Copy the data that follows exactly. Include no pictures.
[Entries supplied Boundary: Start]
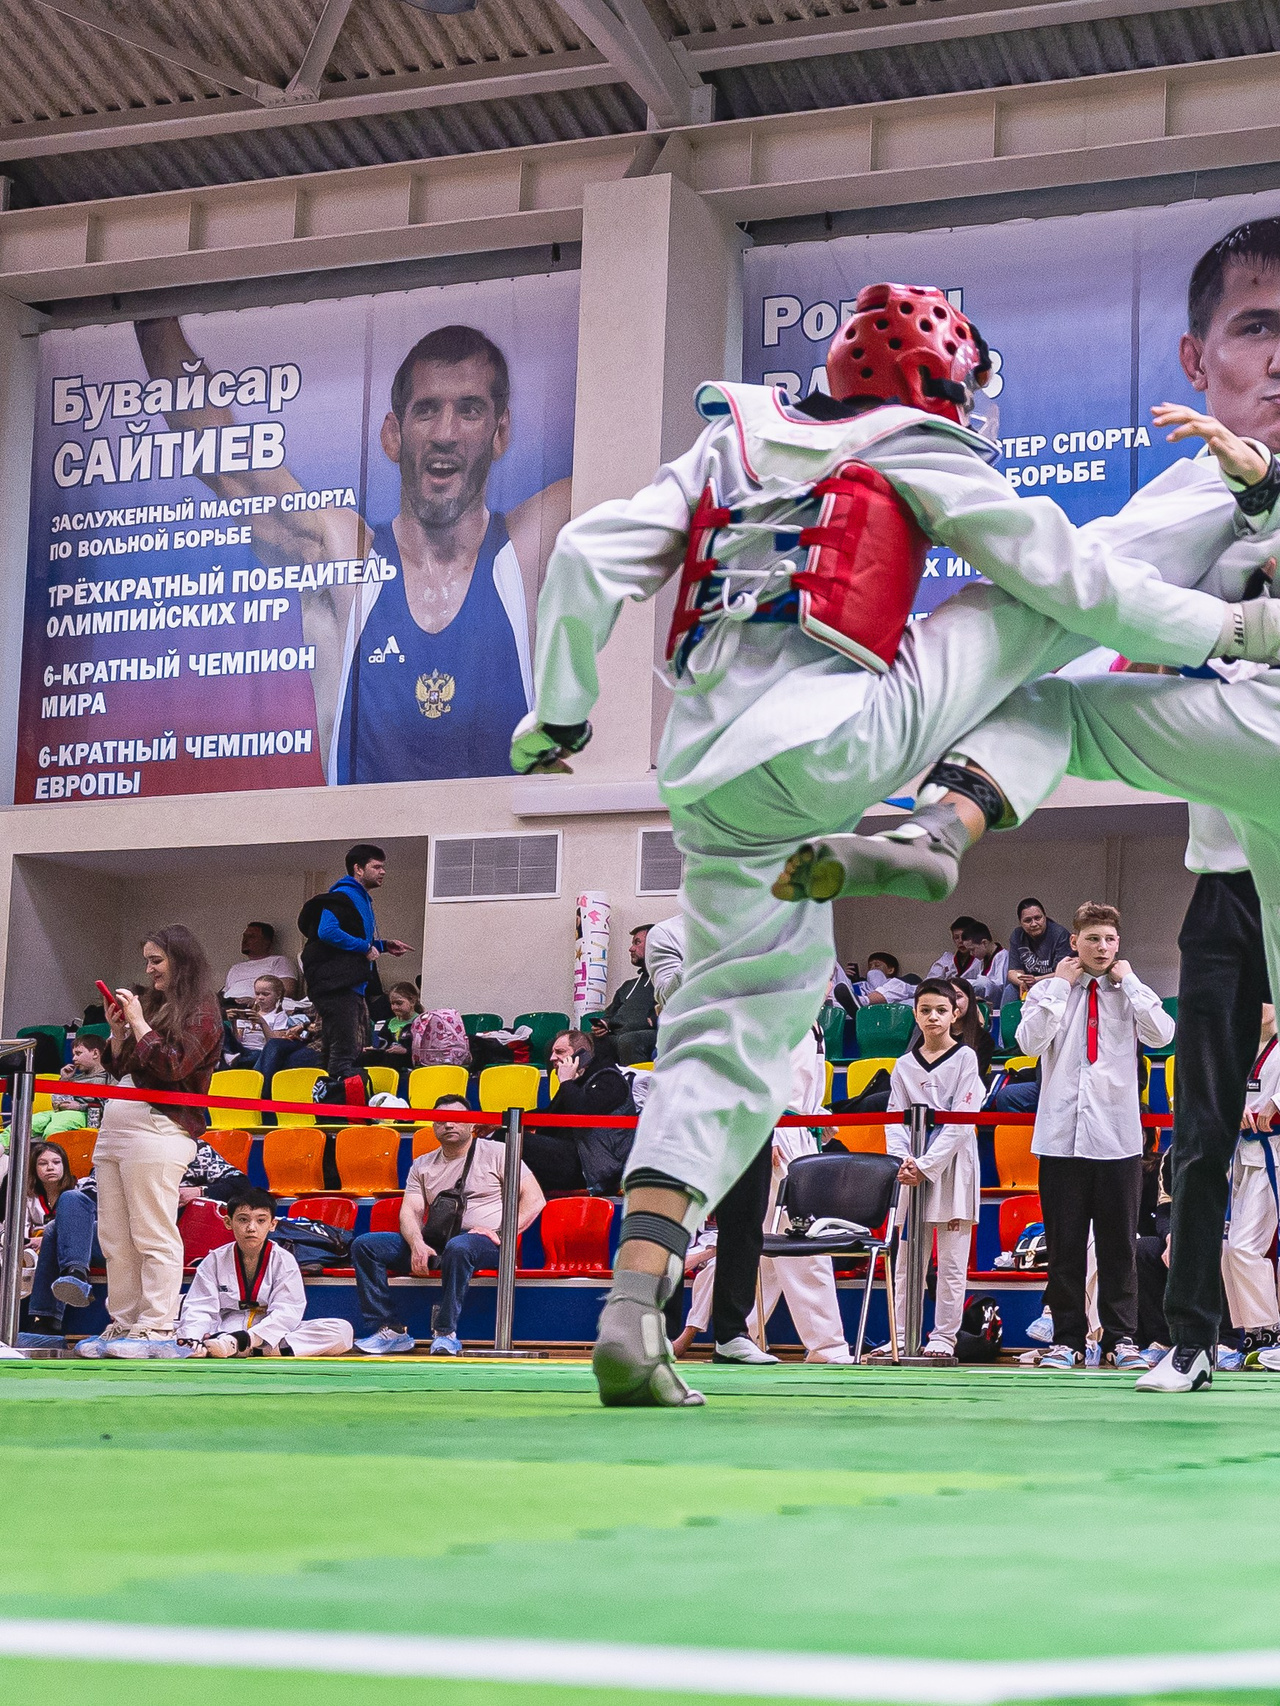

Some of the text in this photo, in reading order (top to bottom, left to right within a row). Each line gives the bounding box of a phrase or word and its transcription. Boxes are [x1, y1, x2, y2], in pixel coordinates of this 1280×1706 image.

[52, 358, 301, 431] Бувайсар
[53, 422, 285, 487] САЙТИЕВ
[1053, 427, 1151, 454] СПОРТА
[1006, 460, 1106, 488] БОРЬБЕ
[51, 489, 356, 533] ЗАСЛУЖЕННЫЙ МАСТЕР СПОРТА
[50, 527, 252, 560] ПО ВОЛЬНОЙ БОРЬБЕ
[49, 559, 397, 607] ТРЁХКРАТНЫЙ ПОБЕДИТЕЛЬ
[46, 600, 289, 638] ОЛИМПИЙСКИХ ИГР
[43, 647, 315, 686] 6-КРАТНЫЙ ЧЕМПИОН
[41, 691, 106, 719] МИРА
[38, 730, 312, 768] 6-КРАТНЫЙ ЧЕМПИОН
[36, 772, 140, 799] ЕВРОПЫ
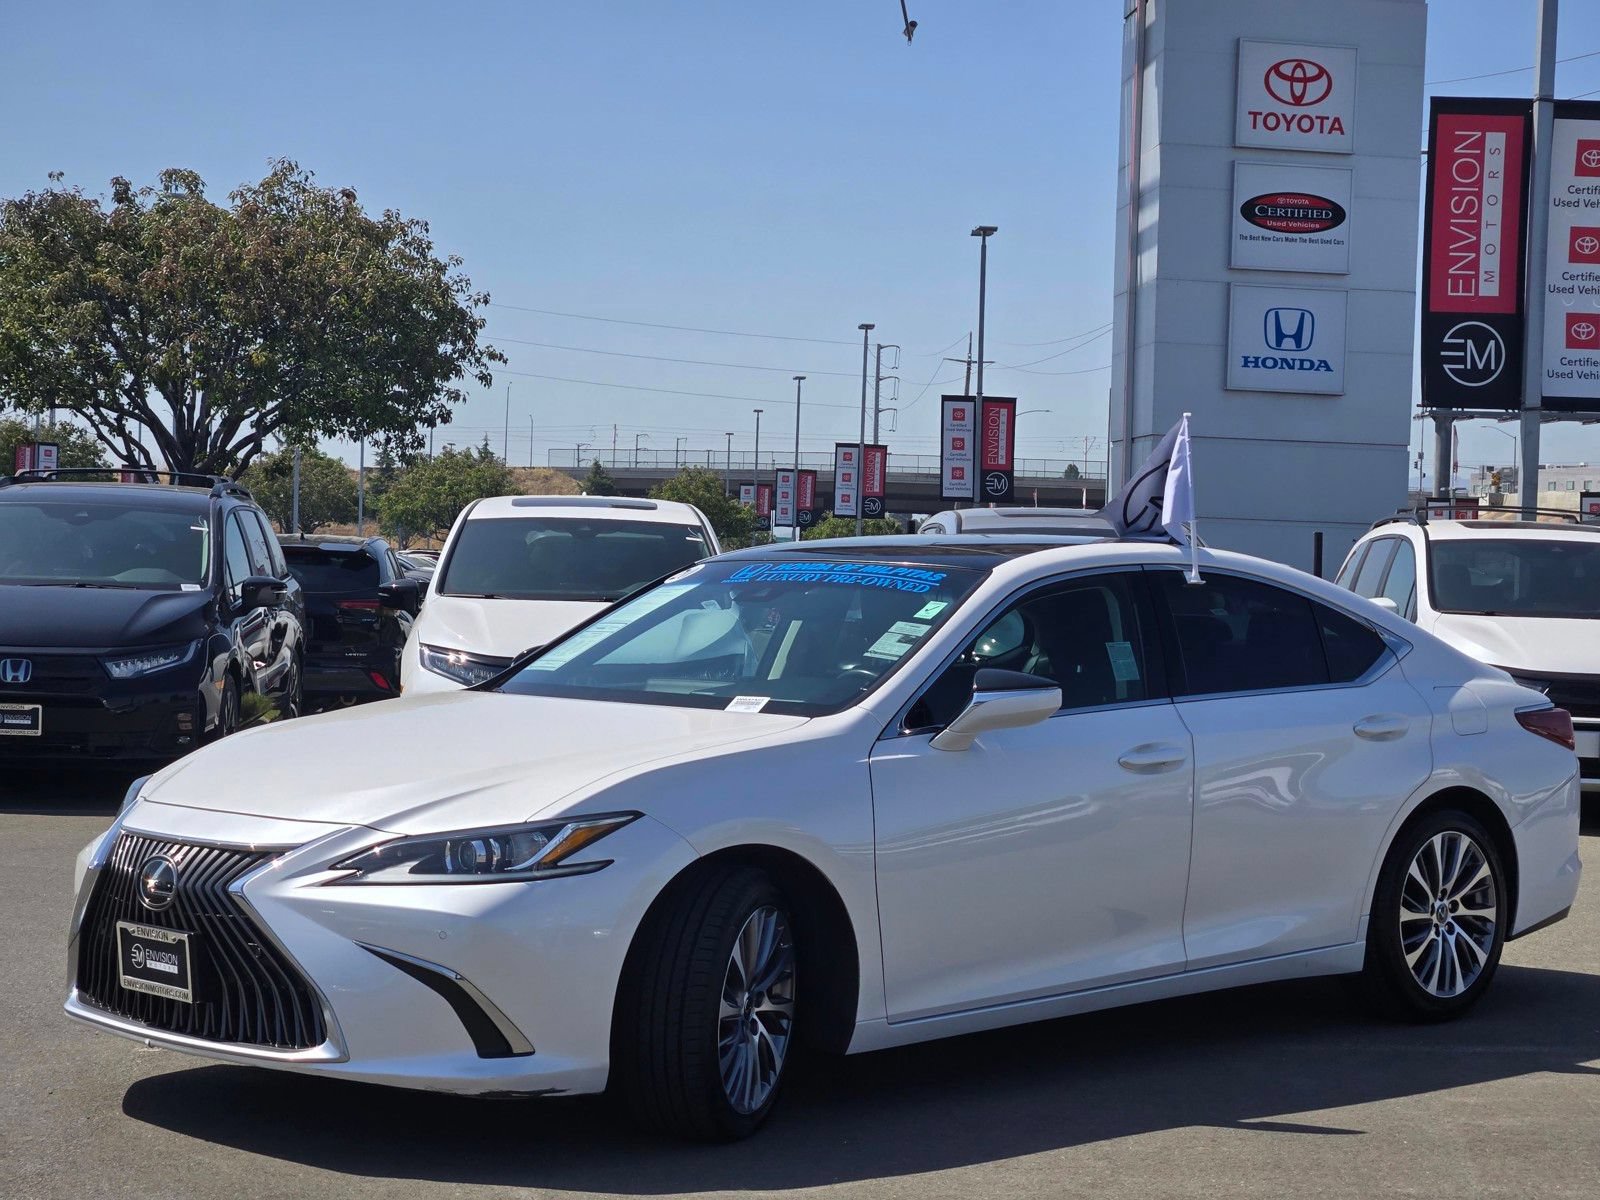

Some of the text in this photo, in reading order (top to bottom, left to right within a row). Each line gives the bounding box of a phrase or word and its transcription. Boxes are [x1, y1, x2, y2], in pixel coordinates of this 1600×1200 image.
[Entries supplied Boundary: End]
Worked solution:
Some of the text in this photo, in reading order (top to bottom, left to right within a row). Each line gives the bounding box of a phrase or word and its transcription. Boxes are [x1, y1, x2, y2], in pixel coordinates of this 1280×1706 image.

[52, 358, 301, 431] Бувайсар
[53, 422, 285, 487] САЙТИЕВ
[1053, 427, 1151, 454] СПОРТА
[1006, 460, 1106, 488] БОРЬБЕ
[51, 489, 356, 533] ЗАСЛУЖЕННЫЙ МАСТЕР СПОРТА
[50, 527, 252, 560] ПО ВОЛЬНОЙ БОРЬБЕ
[49, 559, 397, 607] ТРЁХКРАТНЫЙ ПОБЕДИТЕЛЬ
[46, 600, 289, 638] ОЛИМПИЙСКИХ ИГР
[43, 647, 315, 686] 6-КРАТНЫЙ ЧЕМПИОН
[41, 691, 106, 719] МИРА
[38, 730, 312, 768] 6-КРАТНЫЙ ЧЕМПИОН
[36, 772, 140, 799] ЕВРОПЫ

Some of the text in this photo, in reading order (top to bottom, left to right within a row). Each line gives the bounding box of a phrase or word and its transcription. Boxes are [x1, y1, x2, y2], in pixel coordinates of this 1600×1200 image.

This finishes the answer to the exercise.